Almost 1,000 people died violently in Ireland in the past 10 years, figures have revealed.
A further 49 names were added to the tragic toll in 2020 as the decade closed.
Violent deaths and murder struck at the heart of dozens of families and communities during this year, from a young teenager savagely mutilated to a hero Garda who died in the line of duty.
A number of killings shocked the nation to its core during the past 12 months.
With three days left in 2020, 49 people have been murdered or died in suspicious circumstances.
December has been the only month of the year where no one has been violently killed.
Last year saw a significant drop in murder numbers, with 55 losing their lives, 83 in 2018, 92 in 2017 and 85 in 2016, according to Statista.com.
The 55 homicides recorded last year were the lowest number in the period between 2003 and 2019.
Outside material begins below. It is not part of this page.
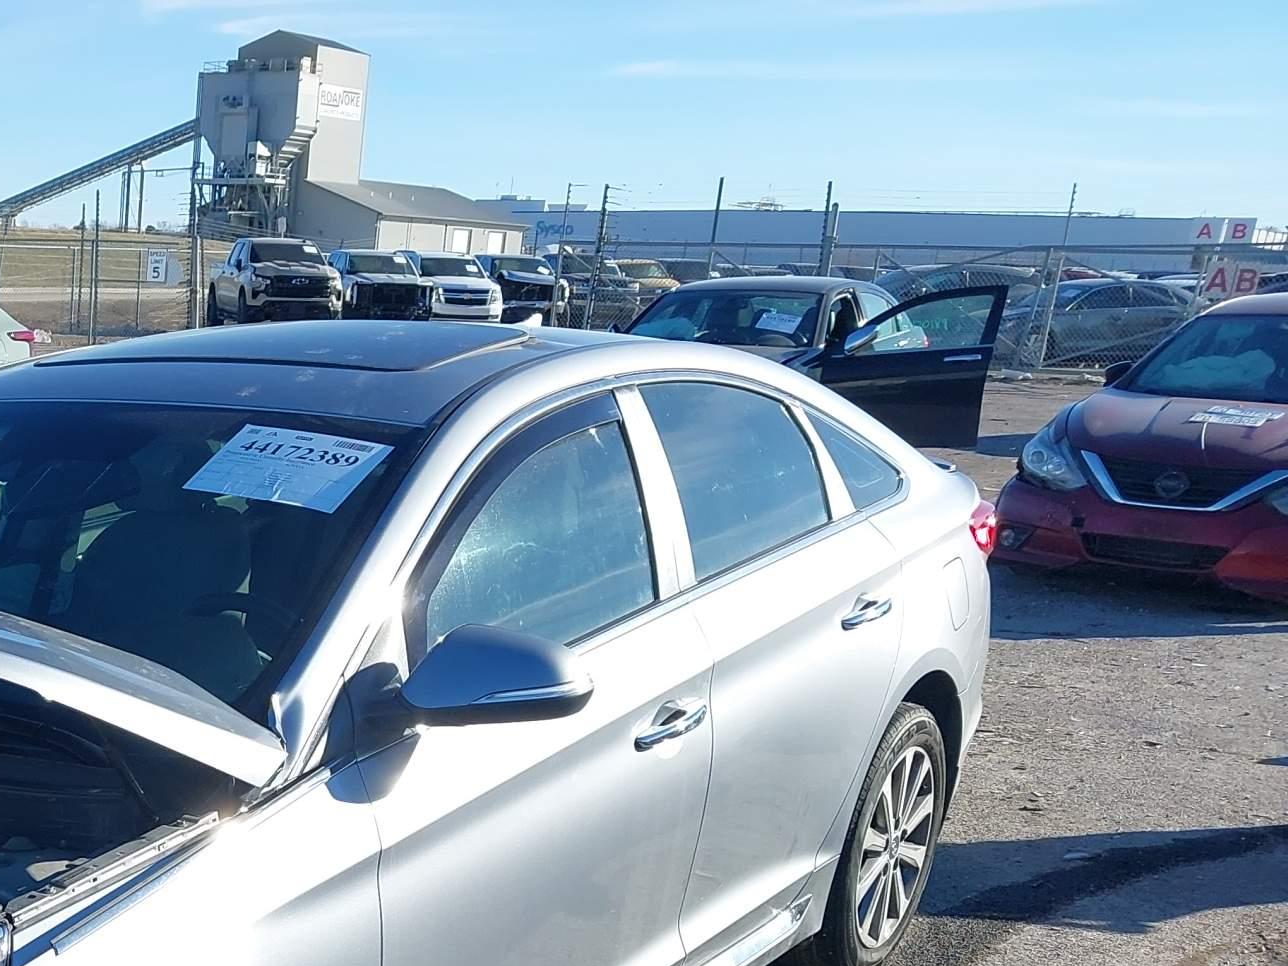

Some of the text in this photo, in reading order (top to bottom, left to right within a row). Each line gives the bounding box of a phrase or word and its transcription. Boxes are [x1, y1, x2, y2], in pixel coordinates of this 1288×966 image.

Homicides in Ireland have increased from 2003 onwards, reaching a peak of 152 in 2007 before declining to the relatively low figures seen in the late 2010s. The year got off to an ominous start in the criminal world with the murder of a 17-year-old from Co Louth in early January.
More body parts were found two days later in a burnt-out car in Drumcondra.
The chief suspect in his killing, gangland hitman Robbie Lawlor, from Coolock, was also shot dead in Belfast in April.
Gardai believed he had been sent up North on a job but was double-crossed with the help of a Dublin crime boss.
Officers believe Lawlor’s murder was payback for the teen’s killing, as well as the attempted murder of one of the Drogheda gang’s leaders.
A number of suspects have been arrested at various times throughout the year and several people are before the courts here and in the North.
As the country went into its first lockdown of the Covid-19 pandemic, 71-year-old Kilkenny pensioner Anne Butler lay dead in her city centre home for several days before being discovered.Trevor Rowe, 28, of Abbey Street, Kilkenny, was charged with her murder.
Two months later, Kildare pensioner Peter Kennedy died after an assault at his home in Newbridge. A man has been charged with his murder.
In June, shock and fear hit the very fabric of society and gardai when the “gentleman” officer, Detective Colm Horkan, was fatally shot
while on an anti-crime patrol in Roscommon.
He was based in Castlerea Garda station. The 49-year-old single man, who was nicknamed “The Bear” and was an avid sportsman, received a State funeral in his hometown of Charlestown, Co Mayo.
A new charge of capital murder was brought last month against Stephen Silver, 44.
The accused, of Aughaward, Foxford, Co Mayo, has been on remand since the incident.
In the same month, mother-of-two Jean Eagers, 57, died in her home in Blanchardstown.
Her 60-year-old taxi driver husband William was charged with her murder and with producing a samurai sword.
Never far from the Irish psyche is the issue of land and ownership and the October Bank Holiday saw it brought brutally to the fore once again.
The body of married father-of-two Tadgh O’Sullivan and his youngest son Diarmuid, 23, were found in a field close to their rural farm and home near Kanturk in Co Cork.
The two men each died from a self-inflicted gunshot. Mr O’Sullivan’s other son Mark, 25, was found dead in his upstairs bedroom at the farmhouse after suffering several gunshots.
A lengthy letter was found on Diarmuid’s body with gardai indicating they were investigating the possibility that the shooting of solicitor Mark may have been planned by his younger brother and father. The alarm by Mr O’Sullivan’s seriously ill wife Ann, who was unhurt as she fled bare foot to neighbours, alerted them a shot had been fired inside the house.
It is understood the three shootings centred around land inheritance.
A month later, a man in his 30s was arrested by gardai and charged with three murder counts after a tragic discovery at a house in Ballinteer.
So many lives lost, with hundreds of family members and friends left to pick up the pieces, with generations to come, faced with attempting to glue them back together to make some semblance of their lives as the years pass.